=== Section Start ===
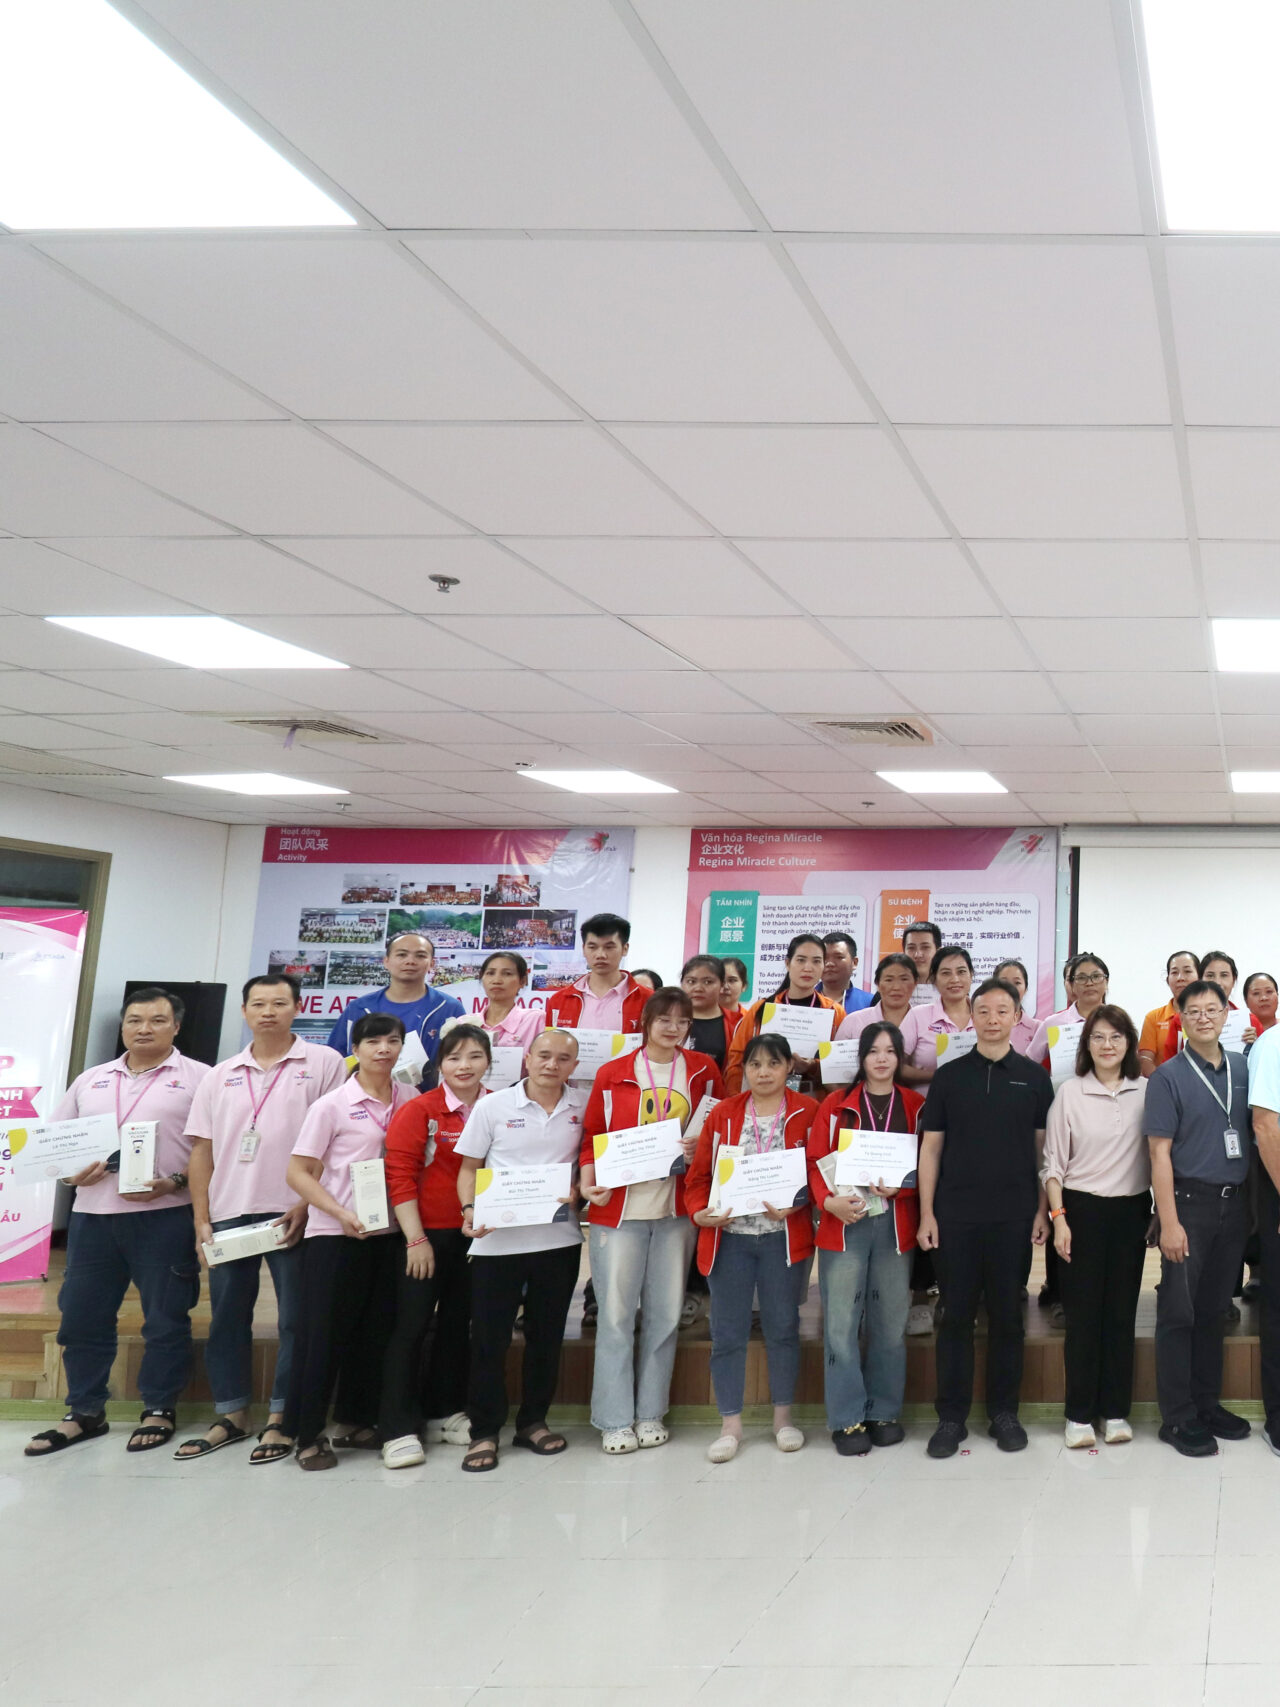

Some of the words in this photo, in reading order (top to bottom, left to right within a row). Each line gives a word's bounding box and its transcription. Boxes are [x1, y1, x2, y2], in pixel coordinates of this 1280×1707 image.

[280, 838, 328, 850] 团队风采
[746, 834, 780, 844] Regina
[784, 833, 822, 842] Miracle
[701, 844, 744, 854] 企业文化
[277, 854, 307, 862] Activity
[698, 857, 734, 868] Regina
[736, 856, 776, 866] Miracle
[778, 857, 817, 866] Culture
[721, 916, 745, 928] 企业
[894, 914, 916, 926] 企业
[720, 930, 744, 942] 愿景
[1, 1210, 21, 1222] ẦU
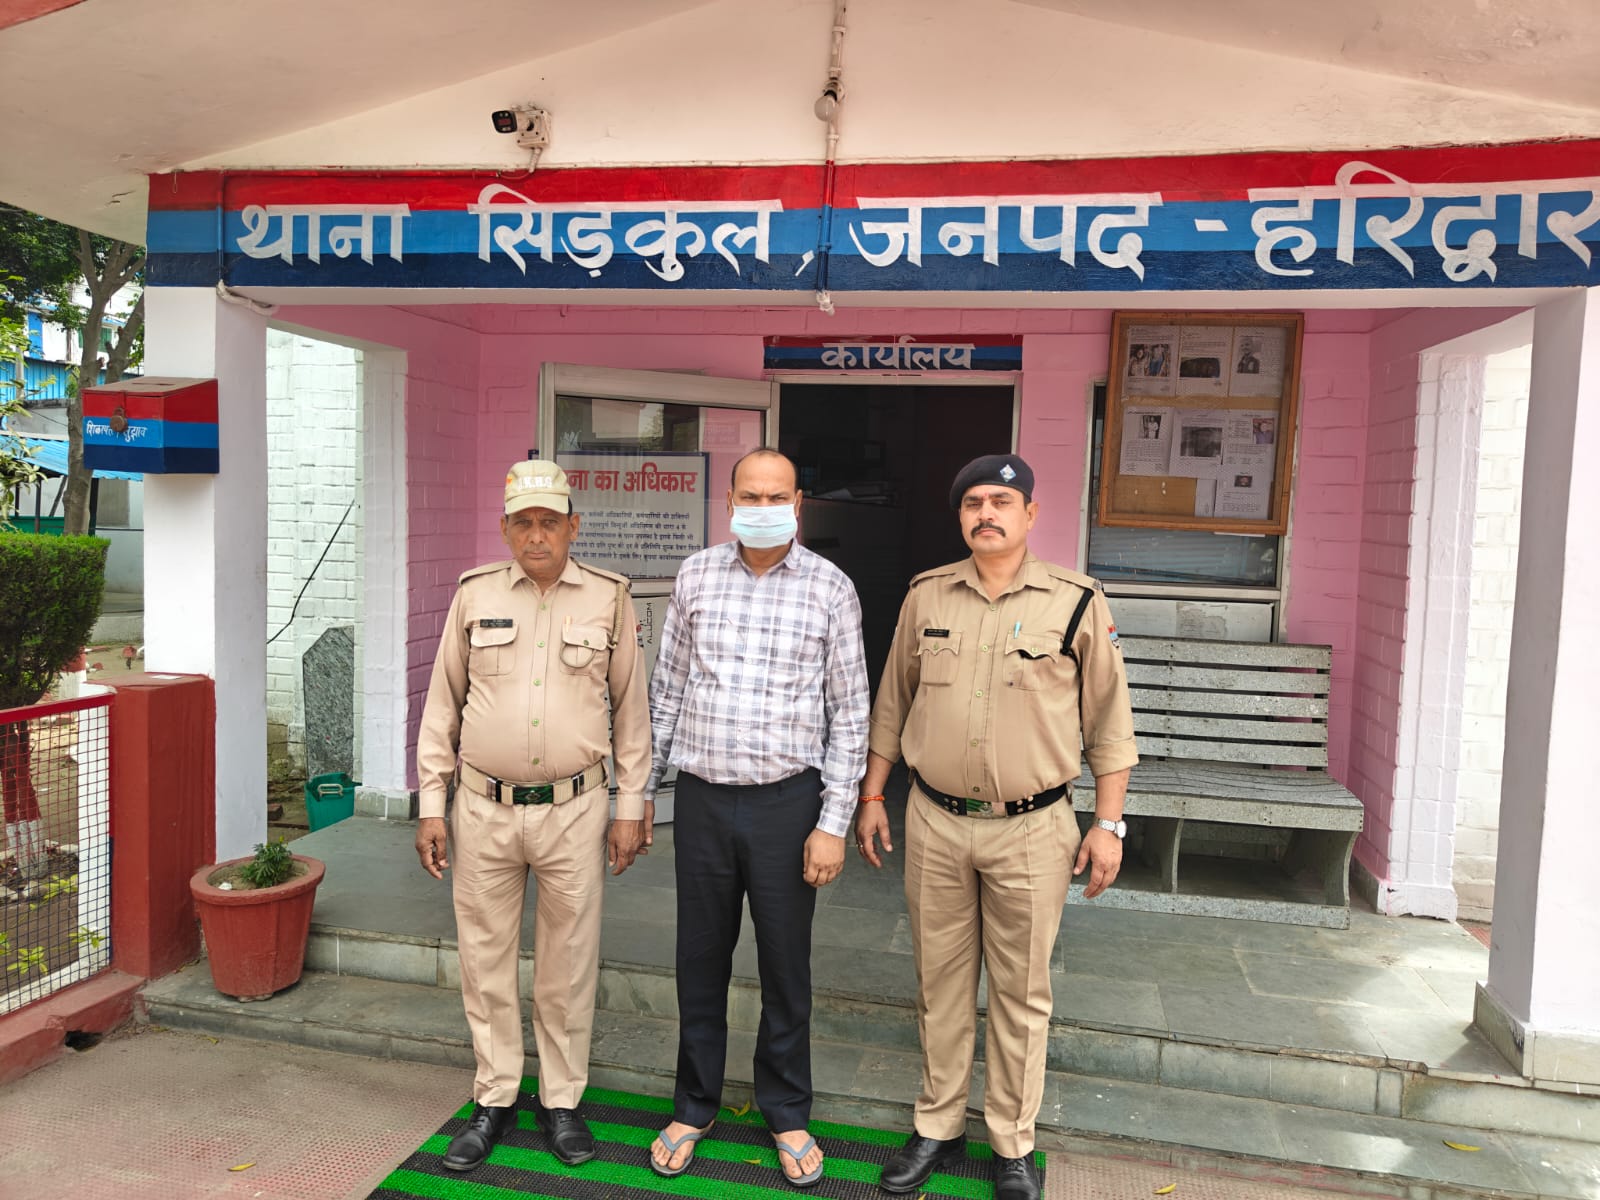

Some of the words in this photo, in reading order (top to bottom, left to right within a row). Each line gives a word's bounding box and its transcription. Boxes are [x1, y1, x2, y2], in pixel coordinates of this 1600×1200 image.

[235, 203, 411, 266] थाना
[848, 191, 1163, 283] जनपद
[1246, 160, 1600, 284] हरिद्वार
[820, 334, 976, 370] कार्यालय
[594, 470, 620, 492] का
[623, 462, 698, 493] अधिकार
=== Section End ===
**WORK TO COMPLETE**
All entries above, minus the pictures, should be repeated exactly.

**WORKED SOLUTION**
Some of the words in this photo, in reading order (top to bottom, left to right within a row). Each line gives a word's bounding box and its transcription. Boxes are [x1, y1, x2, y2], in pixel coordinates of this 1280×1707 image.

[280, 838, 328, 850] 团队风采
[746, 834, 780, 844] Regina
[784, 833, 822, 842] Miracle
[701, 844, 744, 854] 企业文化
[277, 854, 307, 862] Activity
[698, 857, 734, 868] Regina
[736, 856, 776, 866] Miracle
[778, 857, 817, 866] Culture
[721, 916, 745, 928] 企业
[894, 914, 916, 926] 企业
[720, 930, 744, 942] 愿景
[1, 1210, 21, 1222] ẦU

Some of the words in this photo, in reading order (top to bottom, left to right within a row). Each line gives a word's bounding box and its transcription. Boxes are [x1, y1, x2, y2], in pixel coordinates of this 1600×1200 image.

[235, 203, 411, 266] थाना
[848, 191, 1163, 283] जनपद
[1246, 160, 1600, 284] हरिद्वार
[820, 334, 976, 370] कार्यालय
[594, 470, 620, 492] का
[623, 462, 698, 493] अधिकार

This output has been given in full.